- **Records from a dataset**:
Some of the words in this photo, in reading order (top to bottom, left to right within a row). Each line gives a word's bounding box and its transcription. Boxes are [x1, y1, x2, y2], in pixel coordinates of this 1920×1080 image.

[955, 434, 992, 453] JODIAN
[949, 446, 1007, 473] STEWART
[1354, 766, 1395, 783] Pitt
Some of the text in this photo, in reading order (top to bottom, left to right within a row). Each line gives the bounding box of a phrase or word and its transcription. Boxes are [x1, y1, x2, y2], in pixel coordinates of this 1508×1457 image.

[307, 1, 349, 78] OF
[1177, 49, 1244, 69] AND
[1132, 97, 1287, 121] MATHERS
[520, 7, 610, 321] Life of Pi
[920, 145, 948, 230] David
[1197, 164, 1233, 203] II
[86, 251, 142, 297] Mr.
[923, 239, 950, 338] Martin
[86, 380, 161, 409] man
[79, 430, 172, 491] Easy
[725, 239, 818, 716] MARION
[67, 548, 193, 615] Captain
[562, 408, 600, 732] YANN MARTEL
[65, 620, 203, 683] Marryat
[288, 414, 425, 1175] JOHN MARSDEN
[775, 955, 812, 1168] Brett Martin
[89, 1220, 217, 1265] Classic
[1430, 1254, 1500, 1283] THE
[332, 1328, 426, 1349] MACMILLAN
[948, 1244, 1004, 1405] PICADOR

- **Goal of the exercise**:
Write the records above out again, exactly as they are.

- **The completed task**:
Some of the words in this photo, in reading order (top to bottom, left to right within a row). Each line gives a word's bounding box and its transcription. Boxes are [x1, y1, x2, y2], in pixel coordinates of this 1920×1080 image.

[955, 434, 992, 453] JODIAN
[949, 446, 1007, 473] STEWART
[1354, 766, 1395, 783] Pitt
Some of the text in this photo, in reading order (top to bottom, left to right within a row). Each line gives the bounding box of a phrase or word and its transcription. Boxes are [x1, y1, x2, y2], in pixel coordinates of this 1508×1457 image.

[307, 1, 349, 78] OF
[1177, 49, 1244, 69] AND
[1132, 97, 1287, 121] MATHERS
[520, 7, 610, 321] Life of Pi
[920, 145, 948, 230] David
[1197, 164, 1233, 203] II
[86, 251, 142, 297] Mr.
[923, 239, 950, 338] Martin
[86, 380, 161, 409] man
[79, 430, 172, 491] Easy
[725, 239, 818, 716] MARION
[67, 548, 193, 615] Captain
[562, 408, 600, 732] YANN MARTEL
[65, 620, 203, 683] Marryat
[288, 414, 425, 1175] JOHN MARSDEN
[775, 955, 812, 1168] Brett Martin
[89, 1220, 217, 1265] Classic
[1430, 1254, 1500, 1283] THE
[332, 1328, 426, 1349] MACMILLAN
[948, 1244, 1004, 1405] PICADOR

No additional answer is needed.